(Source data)
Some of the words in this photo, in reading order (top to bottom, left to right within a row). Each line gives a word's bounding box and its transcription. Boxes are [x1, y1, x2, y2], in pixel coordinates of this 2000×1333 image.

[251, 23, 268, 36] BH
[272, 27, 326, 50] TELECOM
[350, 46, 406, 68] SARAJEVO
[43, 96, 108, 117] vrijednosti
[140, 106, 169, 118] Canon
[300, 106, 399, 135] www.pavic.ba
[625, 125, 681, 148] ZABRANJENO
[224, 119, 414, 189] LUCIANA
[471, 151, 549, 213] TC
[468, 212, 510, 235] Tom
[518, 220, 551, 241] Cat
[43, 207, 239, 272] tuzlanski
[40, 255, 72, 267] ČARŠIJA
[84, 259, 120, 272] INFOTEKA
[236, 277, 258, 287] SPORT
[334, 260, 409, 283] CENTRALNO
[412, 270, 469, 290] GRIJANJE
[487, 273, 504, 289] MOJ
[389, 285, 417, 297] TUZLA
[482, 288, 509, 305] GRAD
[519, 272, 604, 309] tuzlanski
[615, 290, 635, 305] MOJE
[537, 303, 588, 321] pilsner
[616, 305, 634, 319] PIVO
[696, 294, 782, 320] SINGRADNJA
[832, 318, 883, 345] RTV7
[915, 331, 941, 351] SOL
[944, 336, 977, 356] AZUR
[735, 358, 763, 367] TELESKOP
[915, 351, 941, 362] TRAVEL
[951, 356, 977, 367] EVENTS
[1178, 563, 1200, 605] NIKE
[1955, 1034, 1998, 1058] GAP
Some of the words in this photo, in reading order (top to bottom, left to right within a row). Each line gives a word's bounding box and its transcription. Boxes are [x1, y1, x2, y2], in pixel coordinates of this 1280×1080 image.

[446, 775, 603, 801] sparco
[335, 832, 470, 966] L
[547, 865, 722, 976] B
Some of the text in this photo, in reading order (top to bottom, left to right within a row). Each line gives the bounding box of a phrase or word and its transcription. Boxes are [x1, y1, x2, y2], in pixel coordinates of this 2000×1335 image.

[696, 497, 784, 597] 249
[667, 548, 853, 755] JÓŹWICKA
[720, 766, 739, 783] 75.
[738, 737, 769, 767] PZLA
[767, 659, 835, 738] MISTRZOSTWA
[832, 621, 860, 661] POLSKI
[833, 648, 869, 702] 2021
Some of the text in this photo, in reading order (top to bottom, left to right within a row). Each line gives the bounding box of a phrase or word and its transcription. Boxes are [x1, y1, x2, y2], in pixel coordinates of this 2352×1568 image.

> [What is required] An accurate, complete transcription of the records above is needed.

> [Result for this exercise]
Some of the words in this photo, in reading order (top to bottom, left to right within a row). Each line gives a word's bounding box and its transcription. Boxes are [x1, y1, x2, y2], in pixel coordinates of this 2000×1333 image.

[251, 23, 268, 36] BH
[272, 27, 326, 50] TELECOM
[350, 46, 406, 68] SARAJEVO
[43, 96, 108, 117] vrijednosti
[140, 106, 169, 118] Canon
[300, 106, 399, 135] www.pavic.ba
[625, 125, 681, 148] ZABRANJENO
[224, 119, 414, 189] LUCIANA
[471, 151, 549, 213] TC
[468, 212, 510, 235] Tom
[518, 220, 551, 241] Cat
[43, 207, 239, 272] tuzlanski
[40, 255, 72, 267] ČARŠIJA
[84, 259, 120, 272] INFOTEKA
[236, 277, 258, 287] SPORT
[334, 260, 409, 283] CENTRALNO
[412, 270, 469, 290] GRIJANJE
[487, 273, 504, 289] MOJ
[389, 285, 417, 297] TUZLA
[482, 288, 509, 305] GRAD
[519, 272, 604, 309] tuzlanski
[615, 290, 635, 305] MOJE
[537, 303, 588, 321] pilsner
[616, 305, 634, 319] PIVO
[696, 294, 782, 320] SINGRADNJA
[832, 318, 883, 345] RTV7
[915, 331, 941, 351] SOL
[944, 336, 977, 356] AZUR
[735, 358, 763, 367] TELESKOP
[915, 351, 941, 362] TRAVEL
[951, 356, 977, 367] EVENTS
[1178, 563, 1200, 605] NIKE
[1955, 1034, 1998, 1058] GAP
Some of the words in this photo, in reading order (top to bottom, left to right within a row). Each line gives a word's bounding box and its transcription. Boxes are [x1, y1, x2, y2], in pixel coordinates of this 1280×1080 image.

[446, 775, 603, 801] sparco
[335, 832, 470, 966] L
[547, 865, 722, 976] B
Some of the text in this photo, in reading order (top to bottom, left to right within a row). Each line gives the bounding box of a phrase or word and its transcription. Boxes are [x1, y1, x2, y2], in pixel coordinates of this 2000×1335 image.

[696, 497, 784, 597] 249
[667, 548, 853, 755] JÓŹWICKA
[720, 766, 739, 783] 75.
[738, 737, 769, 767] PZLA
[767, 659, 835, 738] MISTRZOSTWA
[832, 621, 860, 661] POLSKI
[833, 648, 869, 702] 2021
Some of the text in this photo, in reading order (top to bottom, left to right within a row). Each line gives the bounding box of a phrase or word and its transcription. Boxes are [x1, y1, x2, y2], in pixel coordinates of this 2352×1568 image.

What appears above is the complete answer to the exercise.